3 directories, 0 files

# ifconfig wlp2s0b1 up

SIOCSIFFLAGS: No existe el fichero o el directorio

```

```
 $ sudo emerge --search b43-firmware

Contraseña: 

  

[ Results for search key : b43-firmware ]

Searching...

*  sys-firmware/b43-firmware

      Latest version available: 6.30.163.46

      Latest version installed: 6.30.163.46

      Size of files: 7.505 KiB

      Homepage:      http://linuxwireless.org/en/users/Drivers/b43

      Description:   broadcom firmware for b43 LP PHY and >=linux-3.2

      License:       Broadcom

[ Applications found : 1 ]
```

----------

## charles17

Could you post your dmesg?

```
$ dmesg | grep -i '00:15.0\|wlan\|bcma\|80211'
```

Edit:

00:15.0 of course!

----------

## uxiofp

```
 $ dmesg | grep -i '00:15.0\|wlan\|bcma\|80211'

[    8.067383] bcma: bus0: Found chip with id 0x4313, rev 0x01 and package 0x08

[    8.067413] bcma: bus0: Core 0 found: ChipCommon (manuf 0x4BF, id 0x800, rev 0x24, class 0x0)

[    8.067436] bcma: bus0: Core 1 found: IEEE 802.11 (manuf 0x4BF, id 0x812, rev 0x18, class 0x0)

[    8.067477] bcma: bus0: Core 2 found: PCIe (manuf 0x4BF, id 0x820, rev 0x11, class 0x0)

[    8.082319] bcma: bus0: Bus registered

[    8.417379] cfg80211: Calling CRDA to update world regulatory domain

[    8.437331] b43-phy0: Broadcom 4313 WLAN found (core revision 24)

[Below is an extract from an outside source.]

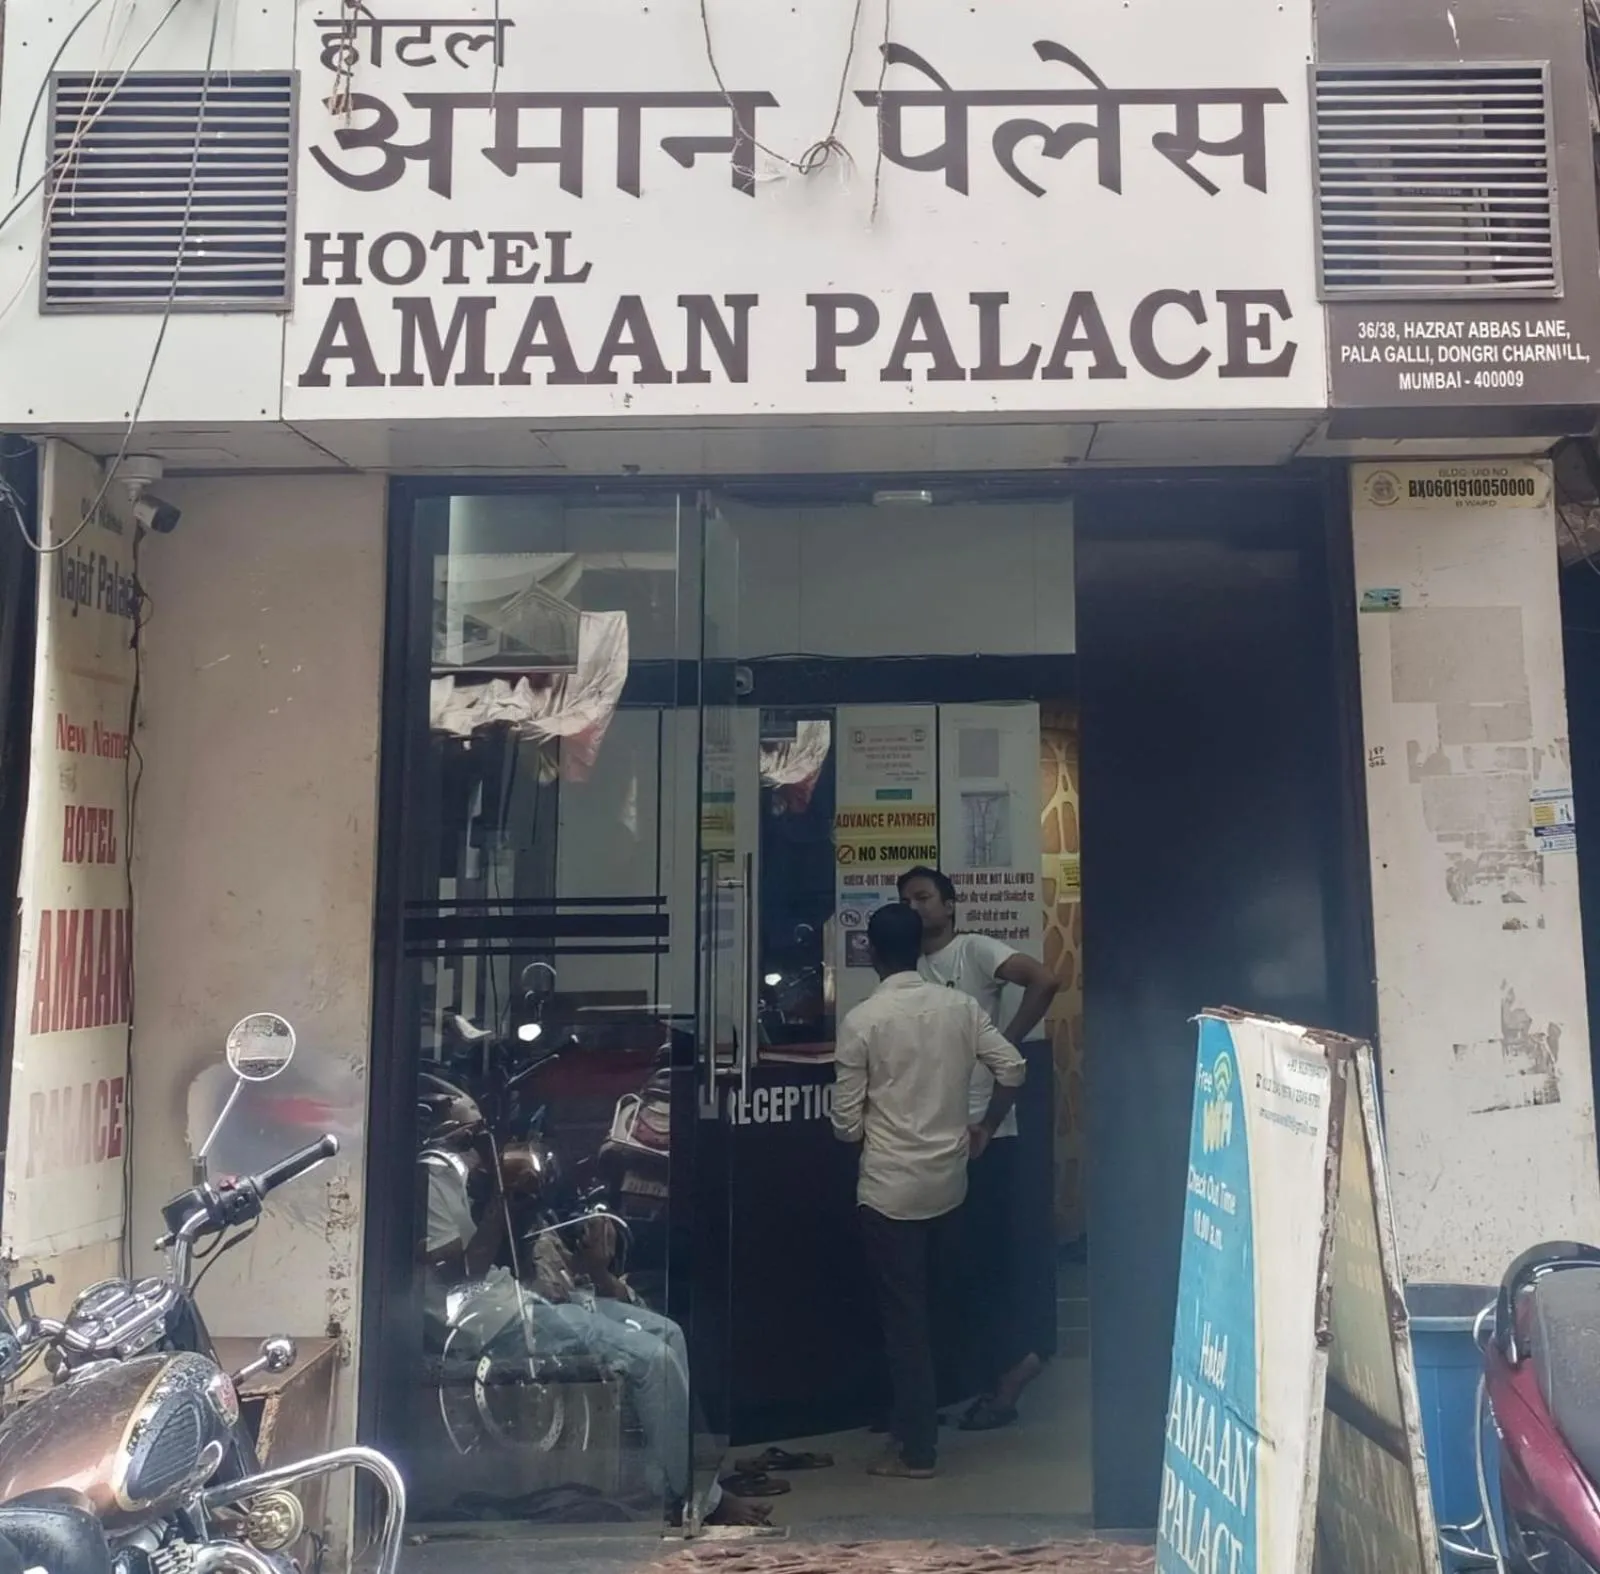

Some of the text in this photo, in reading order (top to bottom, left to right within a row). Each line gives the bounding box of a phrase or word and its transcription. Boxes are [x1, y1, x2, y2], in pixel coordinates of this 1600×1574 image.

[    8.439036] b43: probe of bcma0:1 failed with error -95

[    8.453237] brcmsmac bcma0:1: mfg 4bf core 812 rev 24 class 0 irq 16

[    8.453482] cfg80211: World regulatory domain updated:

[    8.453496] cfg80211:  DFS Master region: unset

[    8.453501] cfg80211:   (start_freq - end_freq @ bandwidth), (max_antenna_gain, max_eirp), (dfs_cac_time)

[    8.453512] cfg80211:   (2402000 KHz - 2472000 KHz @ 40000 KHz), (N/A, 2000 mBm), (N/A)

[    8.453520] cfg80211:   (2457000 KHz - 2482000 KHz @ 20000 KHz, 92000 KHz AUTO), (N/A, 2000 mBm), (N/A)

[    8.453528] cfg80211:   (2474000 KHz - 2494000 KHz @ 20000 KHz), (N/A, 2000 mBm), (N/A)

[    8.453535] cfg80211:   (5170000 KHz - 5250000 KHz @ 80000 KHz, 160000 KHz AUTO), (N/A, 2000 mBm), (N/A)

[    8.453544] cfg80211:   (5250000 KHz - 5330000 KHz @ 80000 KHz, 160000 KHz AUTO), (N/A, 2000 mBm), (0 s)

[    8.453570] cfg80211:   (5490000 KHz - 5730000 KHz @ 160000 KHz), (N/A, 2000 mBm), (0 s)

[    8.453585] cfg80211:   (5735000 KHz - 5835000 KHz @ 80000 KHz), (N/A, 2000 mBm), (N/A)

[    8.453600] cfg80211:   (57240000 KHz - 63720000 KHz @ 2160000 KHz), (N/A, 0 mBm), (N/A)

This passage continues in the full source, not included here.